The credit portfolio is mainly long-term, with loans issued for 3Y+. As of early March 2018, overdue debt stood at 43.4%, or virtually flat on the year (46.6% as of January 2016, and 7.93% as of January 2015), with 60% of overdue debt falling to the retail credit portfolio. Over the past twelve months, portfolio provisions have jumped, but still lag behind overdue debt, equaling 42.5% (34.5% a year ago). The credit portfolio is 36% collateralized, which constitutes an increasing low level of collateral. As for the sectorial breakdown of the credit portfolio, a big portion falls to real estate and development, but the bulk falls to loans extended to companies that «carry out other activities». As regards the regional breakdown of the credit portfolio, Moscow resolutely holds leadership. On Off-Balance Sheet Account No. 91412 (balances stood at Rub 66.7 bln as of March 1, 2018) the bank reflects mainly rights of claim that the bank provided as collateral for a loan extended by DIA for a term until December 29, 2024.

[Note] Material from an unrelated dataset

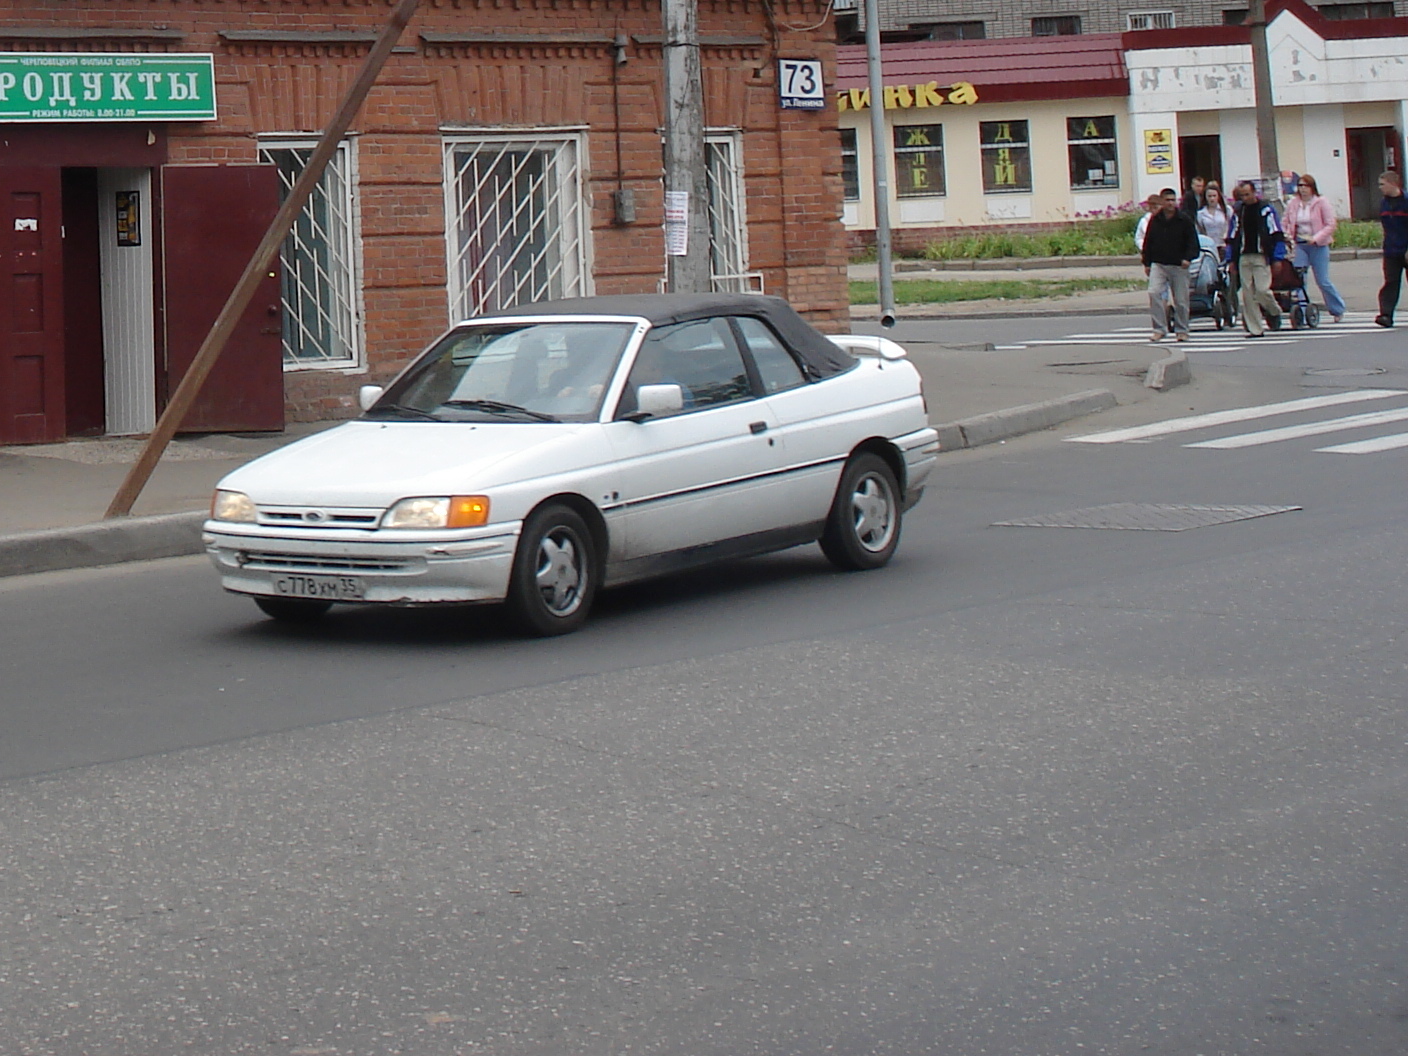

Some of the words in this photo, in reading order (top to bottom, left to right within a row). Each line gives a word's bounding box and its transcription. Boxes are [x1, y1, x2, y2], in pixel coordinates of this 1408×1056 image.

During the period under review the securities portfolio nearly doubled to Rub 255.1 bln. As of the balance sheet date, corporate bonds accounted for 82% of the portfolio, 21% fell to OFZs and government securities, and slightly more than 9% to Russian stocks. Sizeable provisions were piled up against the portfolio (21.4% for the bond portfolio and 71.7% for the stock portfolio). Portfolio turnover has recently ranged from Rub 24 bln to Rub 127 bln.

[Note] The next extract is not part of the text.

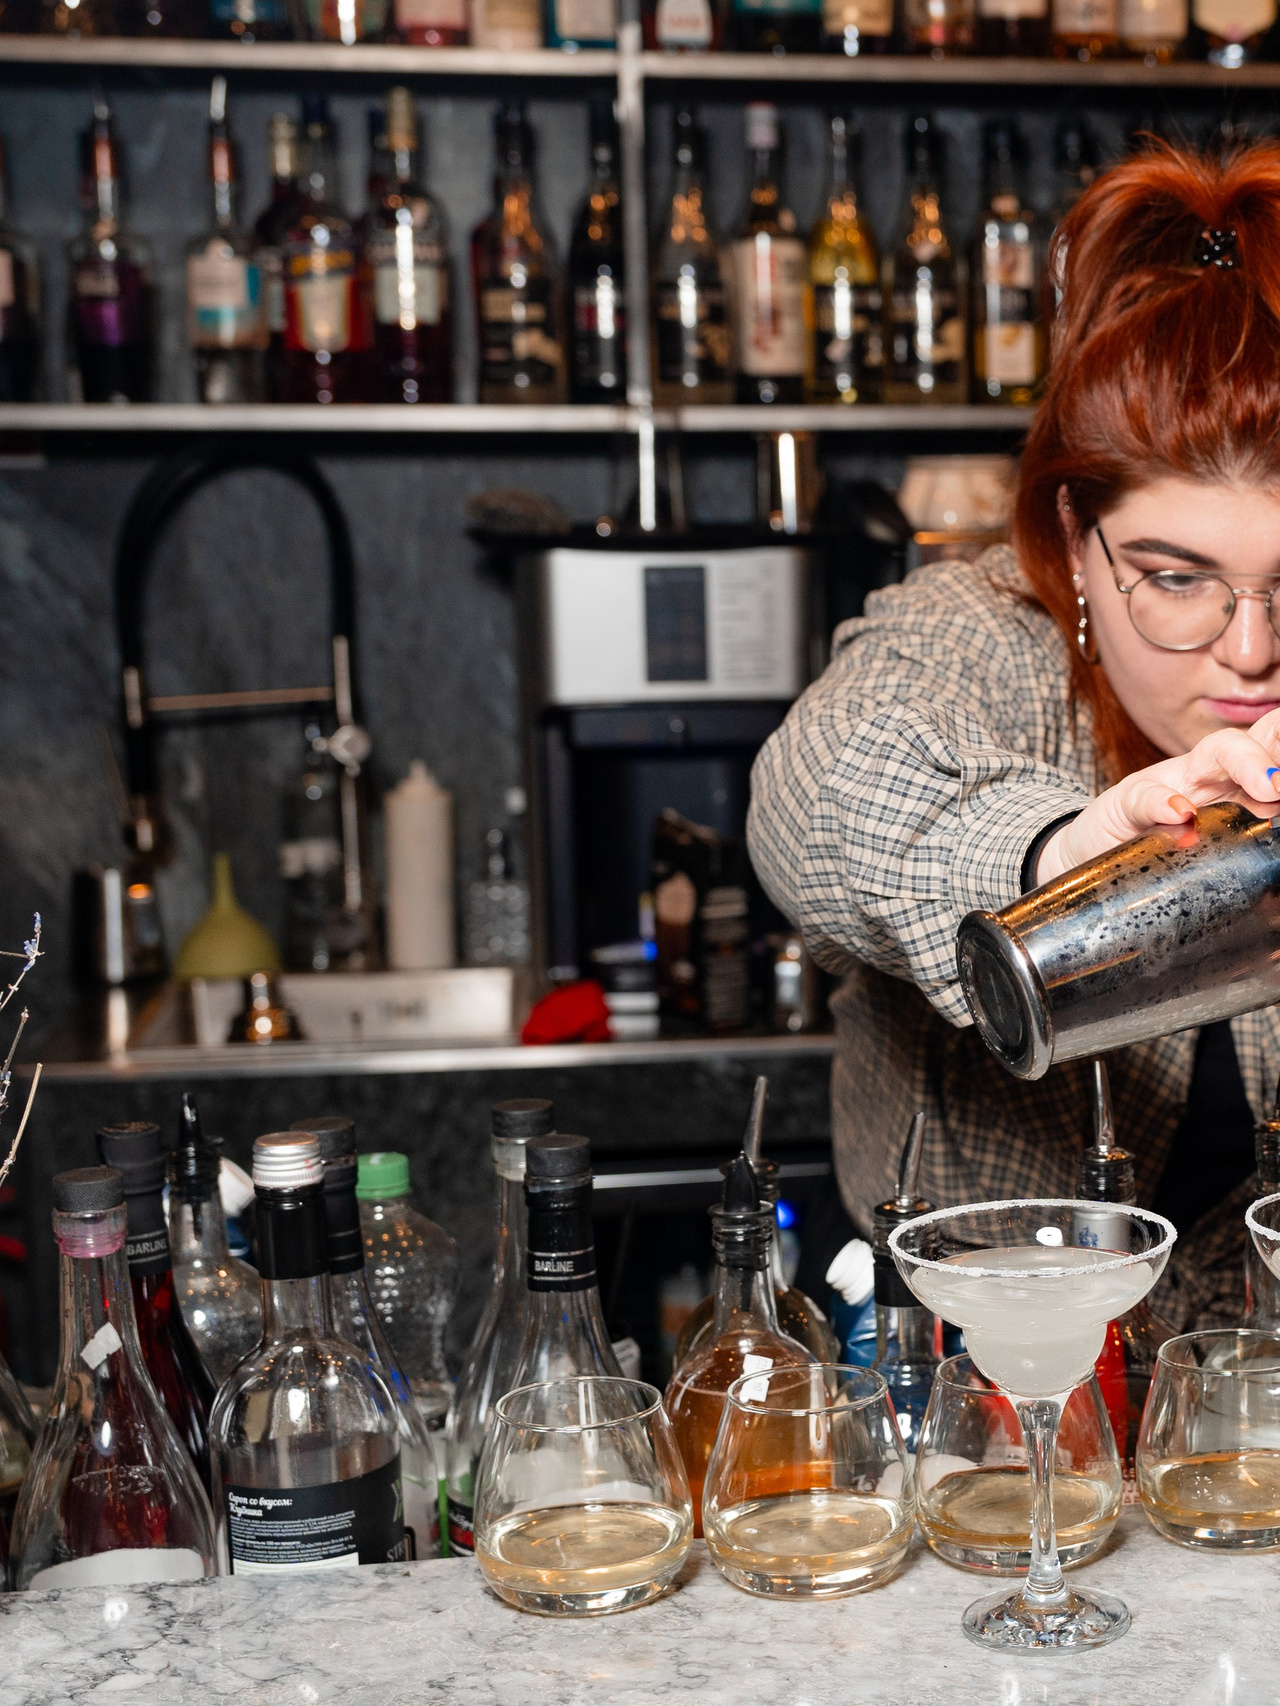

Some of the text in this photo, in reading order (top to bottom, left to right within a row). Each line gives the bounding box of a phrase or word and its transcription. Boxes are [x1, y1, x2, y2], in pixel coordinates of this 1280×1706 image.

[534, 1260, 574, 1272] BARLINE
[229, 1492, 248, 1505] Сироп
[259, 1496, 292, 1510] вкусом:

The bank is a net borrower in the inter-bank lending market, borrowing quite big amounts on a monthly basis.
In 2017, the banks net loss totaled Rub 145.2 bln, according to the RAS financial statement (the banks FY16 net loss amounted to Rub 14.3 bln under RAS).
The Board of Directors: Ksenia Yudaeva (chairwoman), Mikhail Zadornov, Ilya Bakhturin, Alexei Moiseev, Mikhail Irzhevsky, Alexei Simanovsky,, and Elena Titova.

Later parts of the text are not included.